• May 19, 2013

Researchers Say Lack of Wage Data Clouds Debate Over Part-Time Faculty Members

Researchers Say Lack of Wage Data Clouds Debate Over Part-Time Faculty Members

The absence of nationwide data on what individual colleges pay adjunct faculty members makes it impossible to answer key questions raised in the debate over higher education’s growing reliance on them, according to an article published by the American Association of University Professors in the latest issue of its magazine, Academe.

Until such data are available, it will not be possible to assess the validity of arguments dealing with the impact of changes in part-time faculty members’ wages on supply and demand in the faculty labor market, says the article, which was written by Teresa Tam, an analysts for the Government Accountability Office, and Daniel Jacoby, acting assistant chancellor for institutional research at the University of Washington at Bothell.

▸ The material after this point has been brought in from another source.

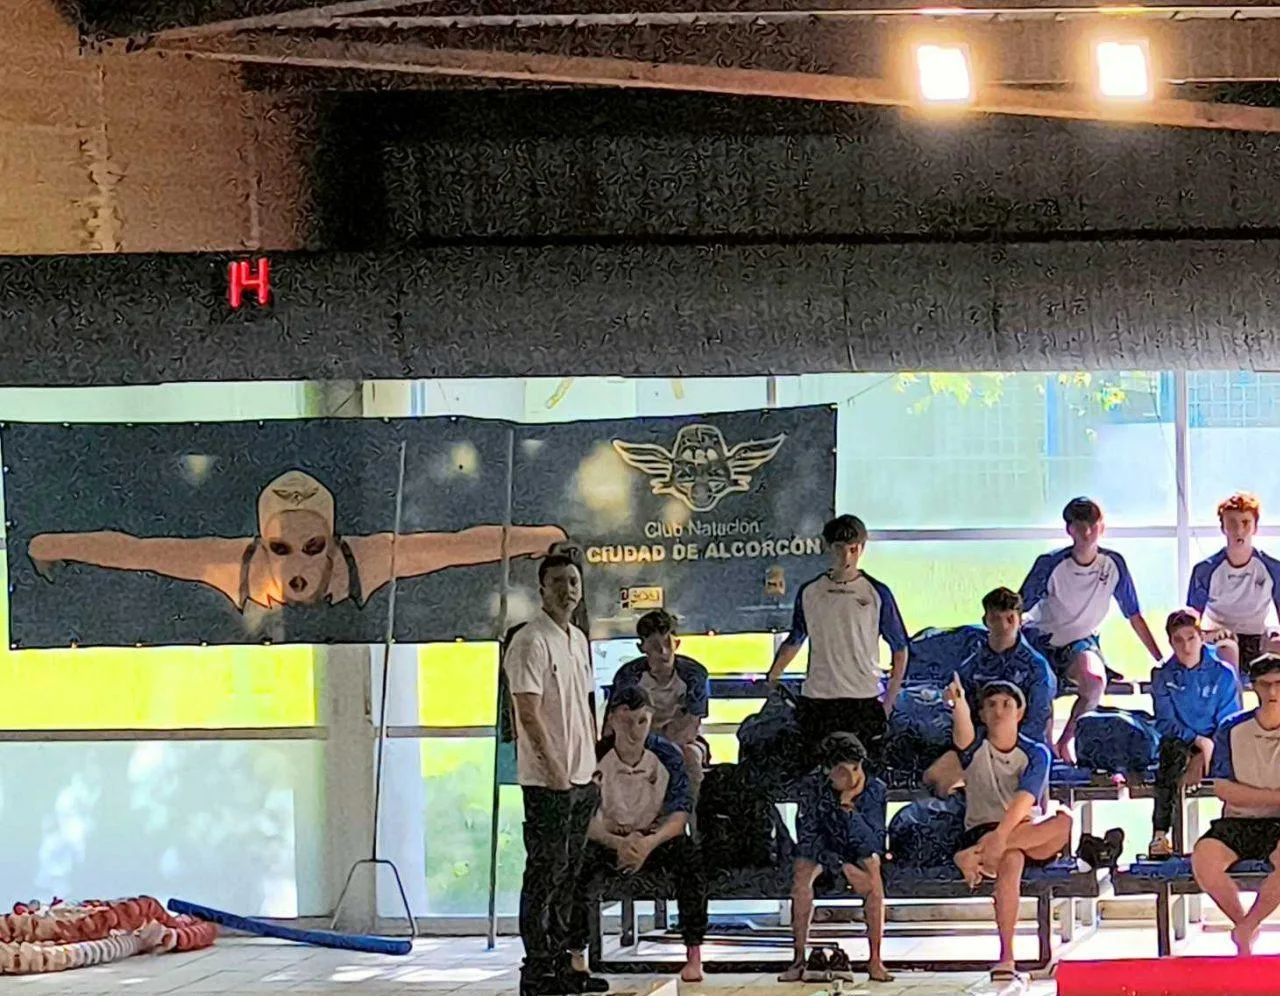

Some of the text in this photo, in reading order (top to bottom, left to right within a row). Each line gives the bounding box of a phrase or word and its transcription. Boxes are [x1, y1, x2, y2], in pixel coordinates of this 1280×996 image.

[644, 520, 684, 539] Club
[586, 535, 822, 563] CIUDAD DE ALCORCÓN

Among the questions the authors see as unanswerable are whether raising the pay of part-time faculty members leads to a decline in the supply of adjunct jobs and whether unionization improves the wages of part-time faculty members.

Ms. Tam and Mr. Jacoby based their analysis on an examination of all of the available data on wages for part-time faculty members. One of the most fundamental problems they identified is that there is no standard definition of “part-time faculty member,” and colleges vary widely in how they use the term.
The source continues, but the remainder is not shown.